6.Definitions. For purposes of this Award, the following definitions will apply:
(a)“Beginning Period Average Price” means the average closing price per share of
the company over the 30 consecutive trading days ending with and including
[___________].
(b)“Ending Period Average Price” means (i) in the absence of a Change in
Control, the average closing price per share of the company over the 30
consecutive trading days ending with and including the End Date of the
applicable Measurement Period and (ii) in the event of a Change in Control, (A)
for the Index Companies (other than the Company), the average closing price per
share of the company over the 30 consecutive trading days immediately prior the
effective date of the Change in Control or (B) for the Company, the sale price
of the Shares in the Change in Control.
(c)“Executive” means an Employee who serves in a meaningful executive role, as
determined by the Committee, and continues providing services to the Company at
a level at least equal to 50% of the Participant’s level of service as of the
Date of Grant.
(d)“Good Reason” will have the meaning ascribed to such term in the change in
control and severance agreement between the Participant and the Company.

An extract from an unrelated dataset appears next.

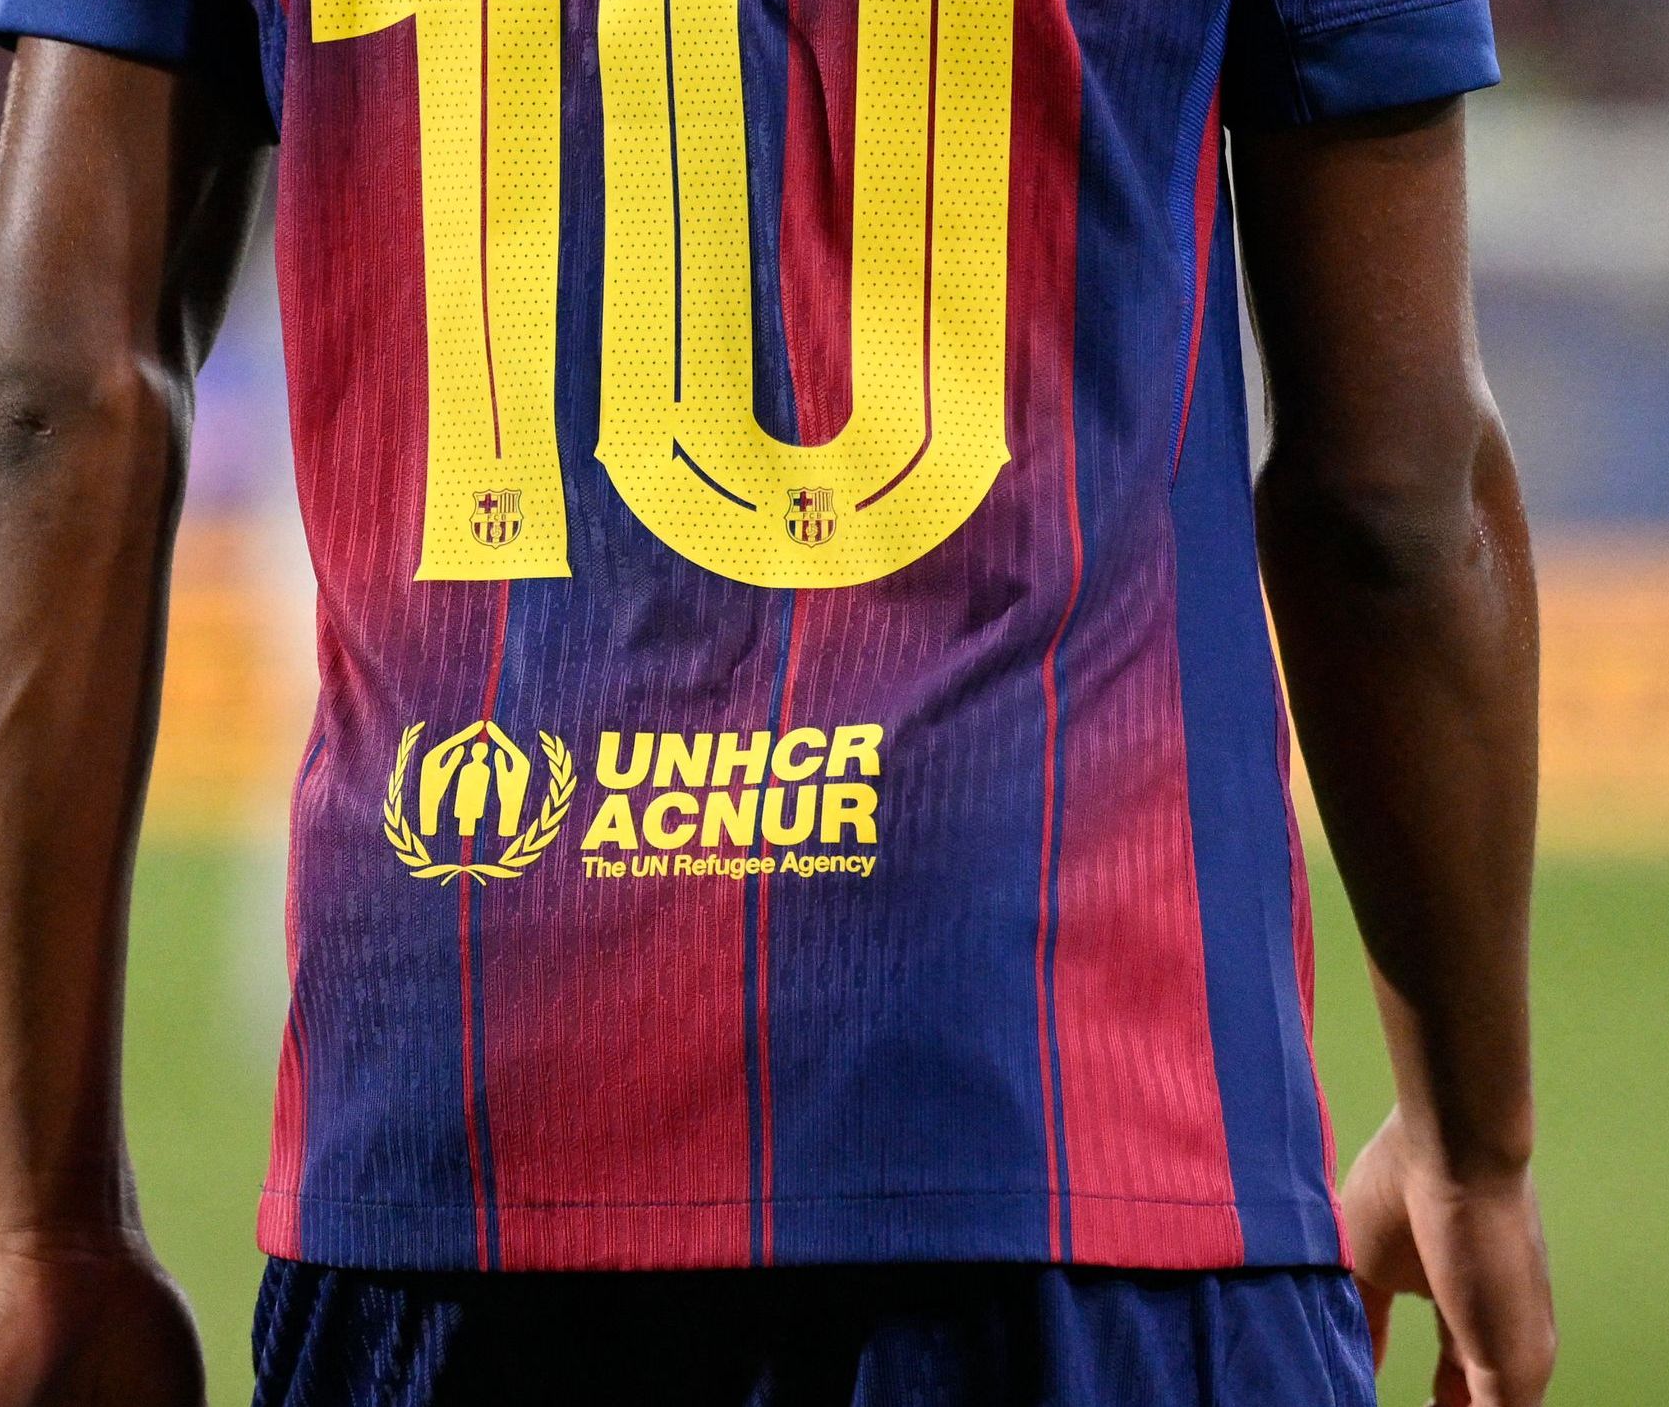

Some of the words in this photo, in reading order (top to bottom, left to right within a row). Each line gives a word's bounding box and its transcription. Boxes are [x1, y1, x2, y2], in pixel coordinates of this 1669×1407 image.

(e)“Index Companies” means the companies that were included in the S&P Software
& Services Select Industry Index on [___________]. The Index Companies may be
changed as follows: (i) in the event of a merger, acquisition or business
combination transaction of an Index Company with or by another Index Company,
the surviving entity shall remain an Index Company; (ii) in the event of a
merger, acquisition, or business combination transaction of an Index Company
with or by another company that is not an Index Company, or “going private
transaction” where the Index Company is not the surviving entity or is otherwise
no longer publicly traded, the company shall no longer be an Index Company; and
(iii) in the event of a bankruptcy of an Index Company, such company shall
remain an Index Company and its stock price will continue to be tracked for
purposes of the TSR Percentile Rank, and if the company liquidates, it will
remain an Index Company and its stock price will be reduced to zero for all
remaining Measurement Periods in the Performance Period.
(f)“TSR” means total shareholder return as determined by dividing (i) the sum of
(A) the Ending Period Average Price minus the Beginning Period Average Price
plus (B) all dividends and other distributions paid on the company’s shares
during the applicable period by (ii) the Beginning Period Average Price. In
calculating TSR, all dividends are assumed to have been reinvested in shares on
the ex-dividend date. The Committee shall have the authority to make appropriate
equitable adjustments to account for extraordinary, unusual and infrequently
occurring events and transactions affecting the TSR.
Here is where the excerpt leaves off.